BEGIN Data for processing
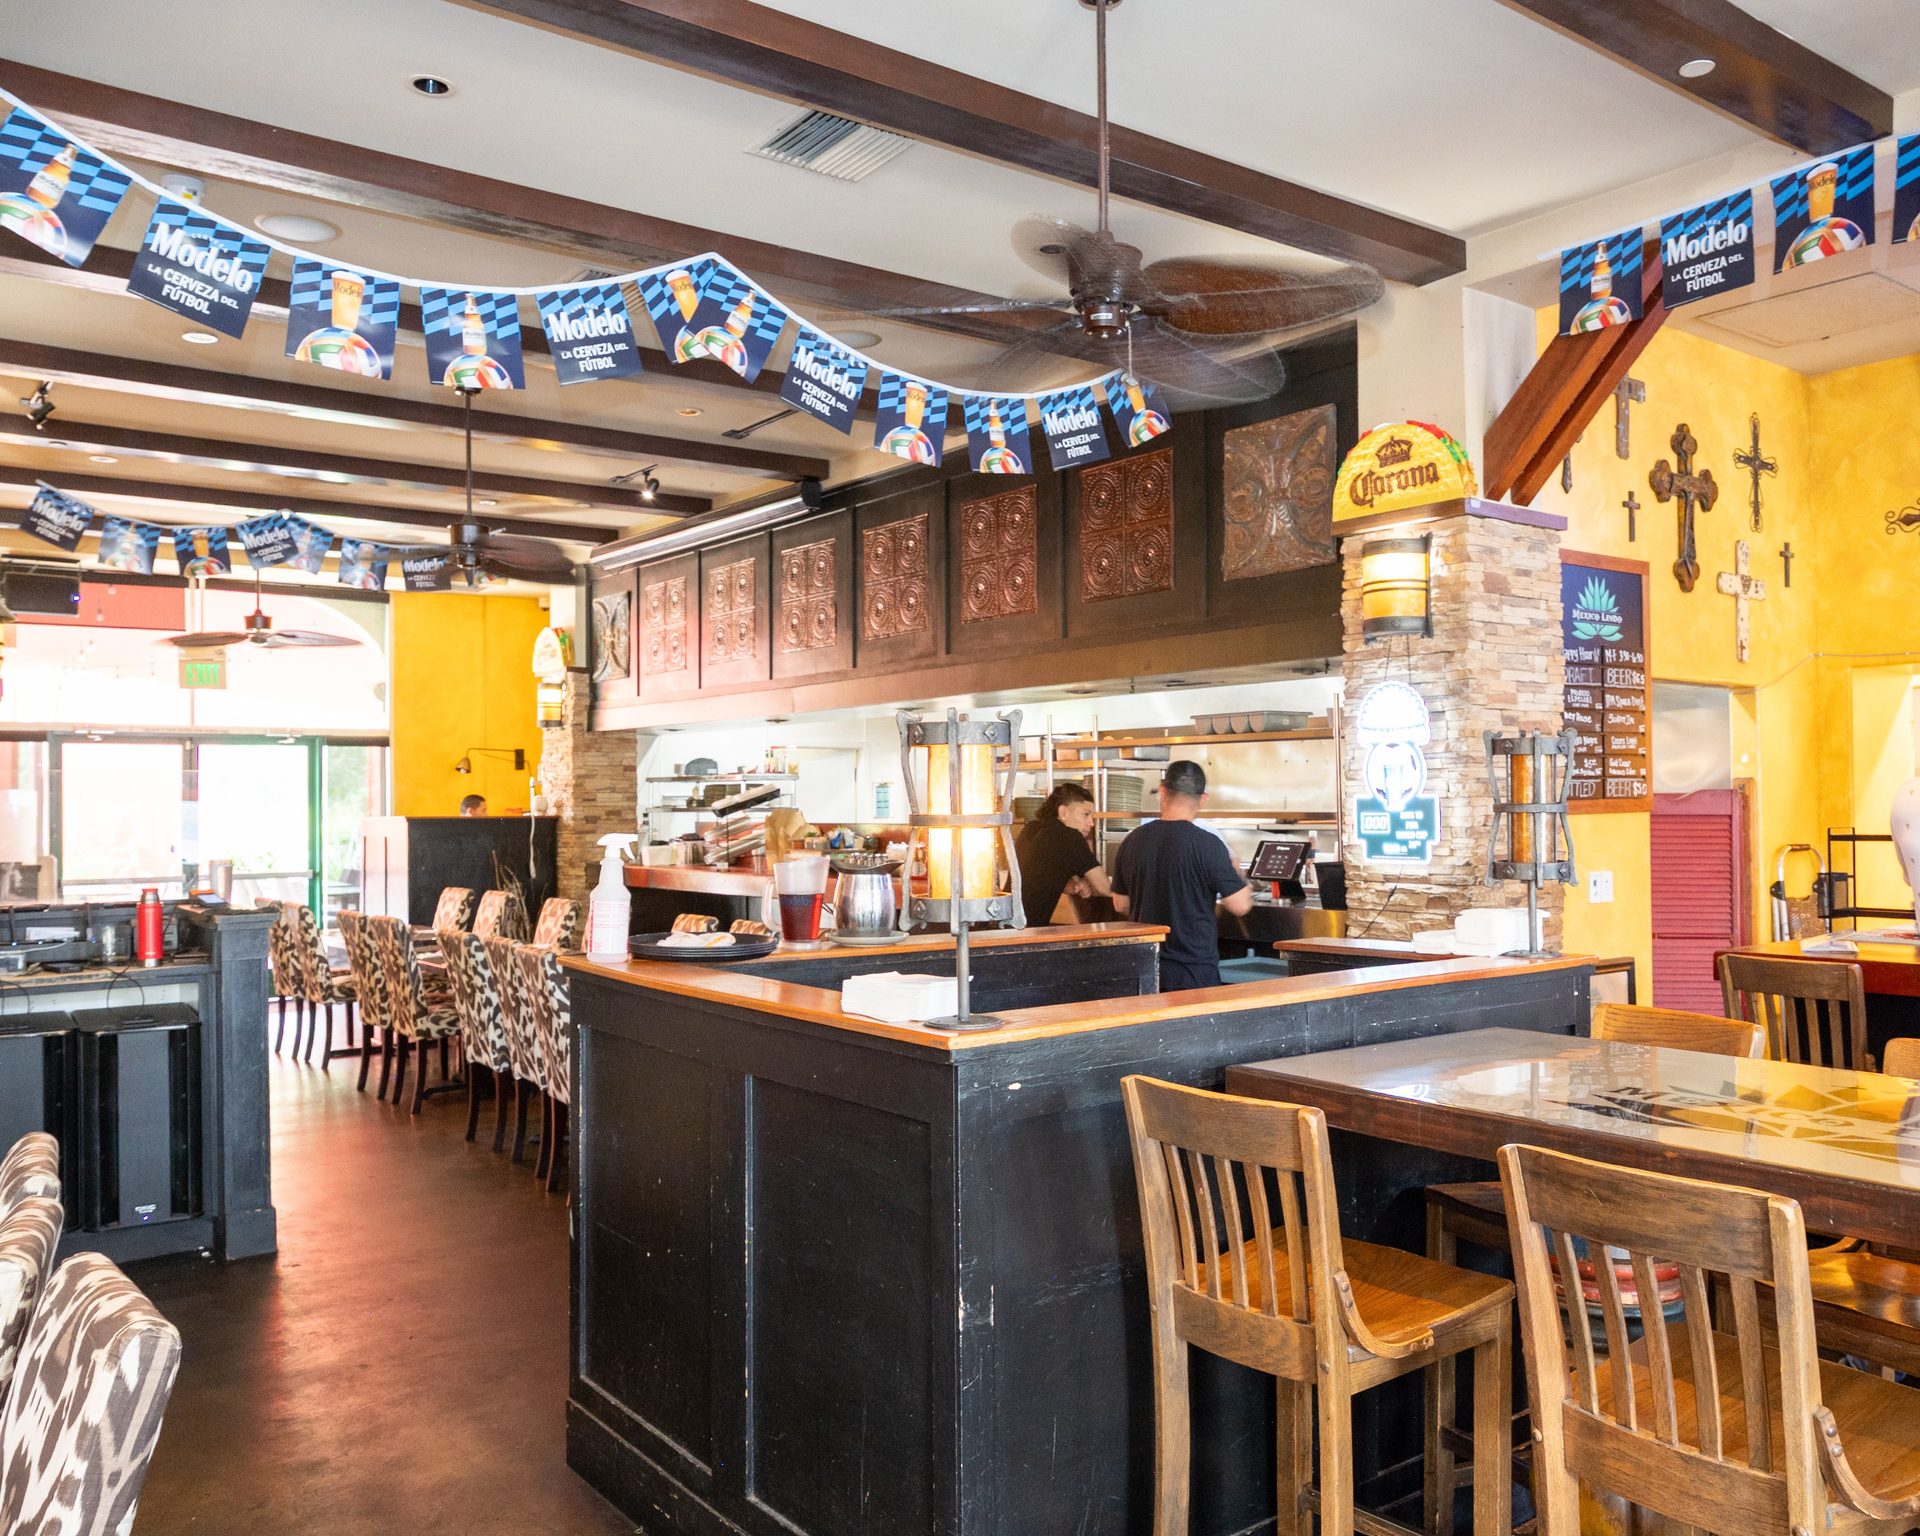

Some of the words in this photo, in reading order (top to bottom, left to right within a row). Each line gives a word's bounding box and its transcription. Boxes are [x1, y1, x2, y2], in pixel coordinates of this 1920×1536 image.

[149, 221, 253, 292] Modelo
[1666, 219, 1748, 267] Modelo
[1671, 273, 1682, 282] LA
[1682, 255, 1728, 280] CERVEZA
[1728, 253, 1744, 264] DEL
[1686, 271, 1726, 293] FÚTBOL
[147, 263, 161, 276] LA
[163, 268, 220, 303] CERVEZA
[220, 295, 239, 309] DEL
[161, 283, 211, 315] FÚTBOL
[547, 307, 628, 343] Modelo
[560, 350, 573, 360] LA
[572, 342, 616, 359] CERVEZA
[614, 343, 630, 351] DEL
[578, 356, 617, 373] FÚTBOL
[794, 344, 857, 400] Modelo
[792, 376, 802, 387] LA
[802, 380, 836, 407] CERVEZA
[800, 392, 832, 417] FÚTBOL
[1044, 406, 1099, 437] Modelo
[1061, 433, 1092, 449] CERVEZA
[1066, 445, 1093, 459] FÚTBOL
[1349, 462, 1440, 509] Corona
[32, 497, 85, 532] Modelo
[242, 526, 290, 551] Modelo
[403, 557, 444, 573] Modelo
[1607, 667, 1632, 685] BEER
[1606, 779, 1632, 798] BEER
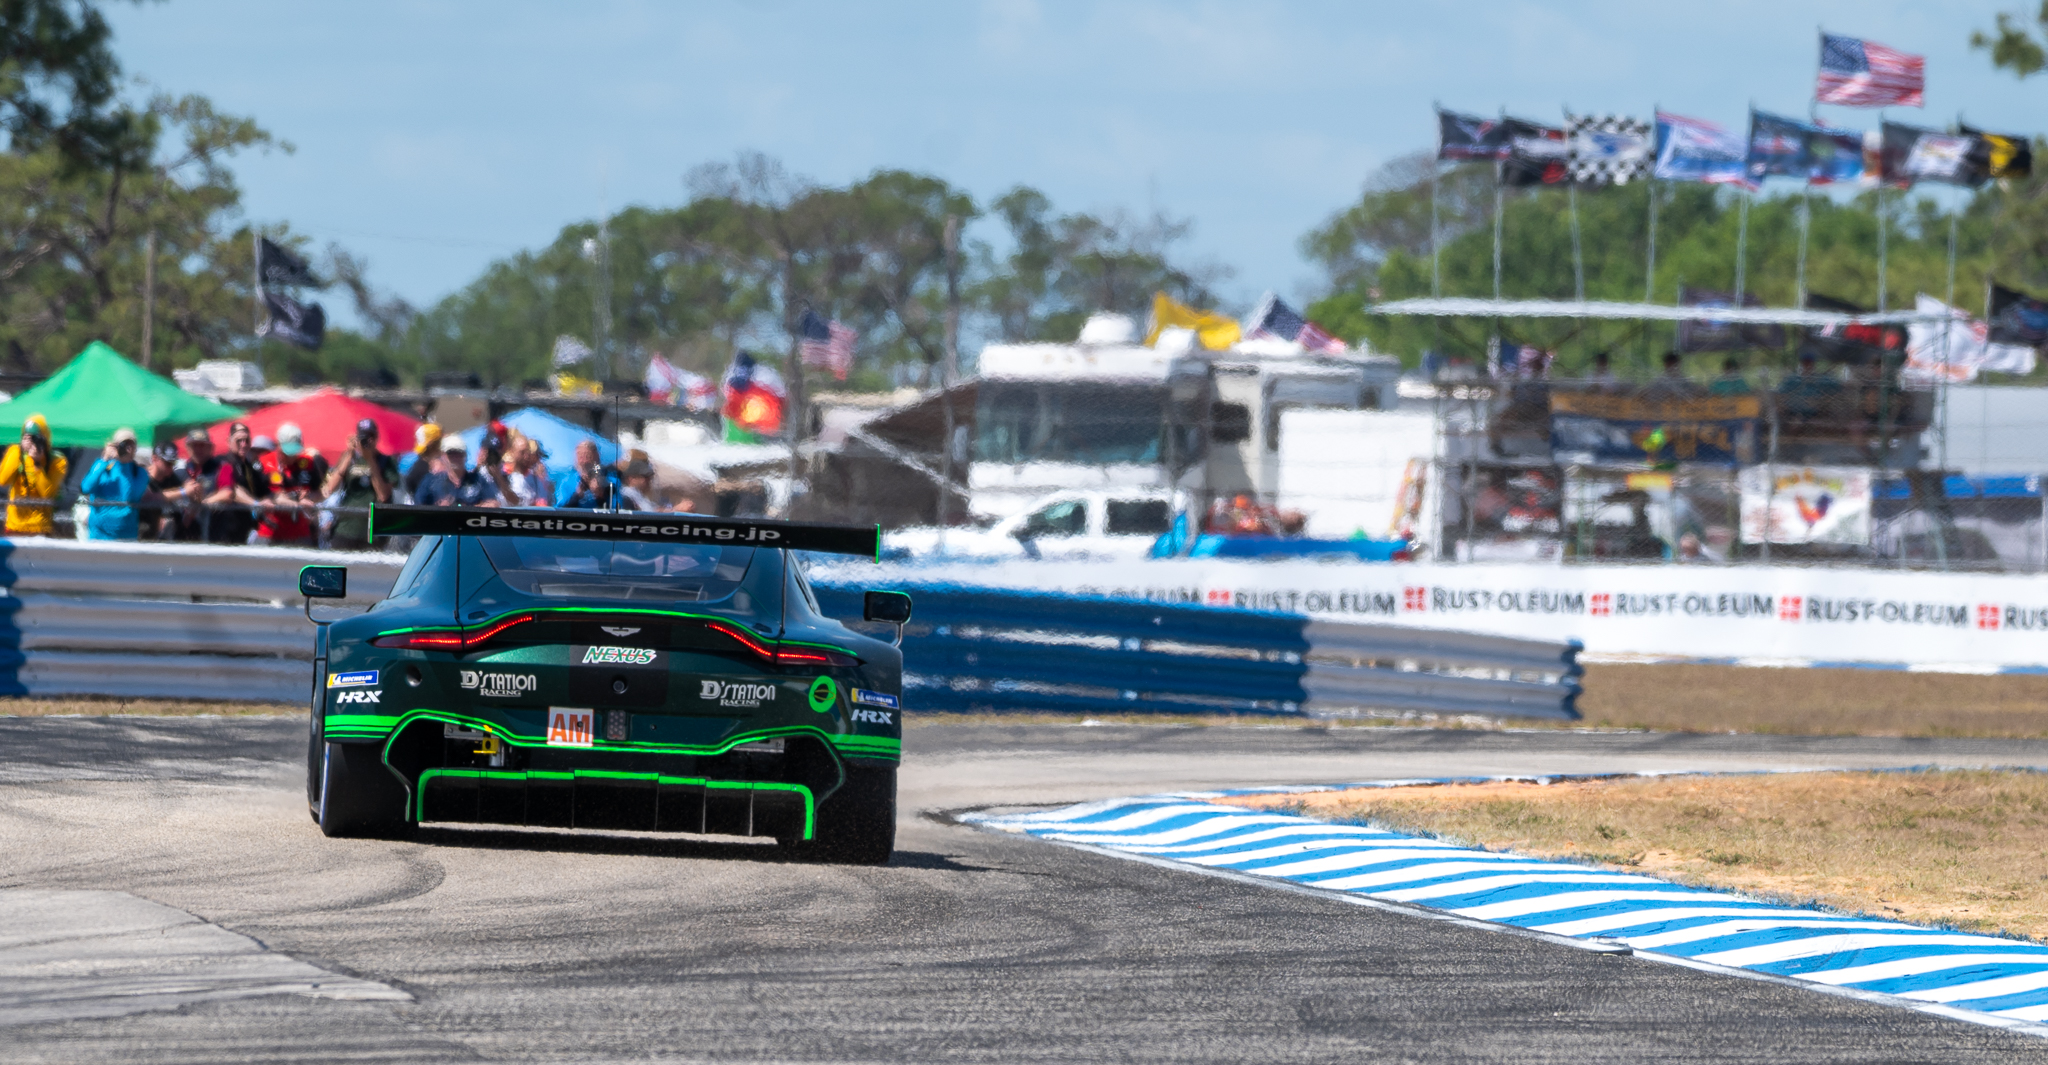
END Data for processing
Word for word, return the listing above; the pictures do not belong in the copy.

Some of the words in this photo, in reading order (top to bottom, left to right within a row). Each line gives a word's bounding box and its transcription. Boxes are [x1, y1, x2, y2], in pixel coordinates of this 1920×1536 image.

[149, 221, 253, 292] Modelo
[1666, 219, 1748, 267] Modelo
[1671, 273, 1682, 282] LA
[1682, 255, 1728, 280] CERVEZA
[1728, 253, 1744, 264] DEL
[1686, 271, 1726, 293] FÚTBOL
[147, 263, 161, 276] LA
[163, 268, 220, 303] CERVEZA
[220, 295, 239, 309] DEL
[161, 283, 211, 315] FÚTBOL
[547, 307, 628, 343] Modelo
[560, 350, 573, 360] LA
[572, 342, 616, 359] CERVEZA
[614, 343, 630, 351] DEL
[578, 356, 617, 373] FÚTBOL
[794, 344, 857, 400] Modelo
[792, 376, 802, 387] LA
[802, 380, 836, 407] CERVEZA
[800, 392, 832, 417] FÚTBOL
[1044, 406, 1099, 437] Modelo
[1061, 433, 1092, 449] CERVEZA
[1066, 445, 1093, 459] FÚTBOL
[1349, 462, 1440, 509] Corona
[32, 497, 85, 532] Modelo
[242, 526, 290, 551] Modelo
[403, 557, 444, 573] Modelo
[1607, 667, 1632, 685] BEER
[1606, 779, 1632, 798] BEER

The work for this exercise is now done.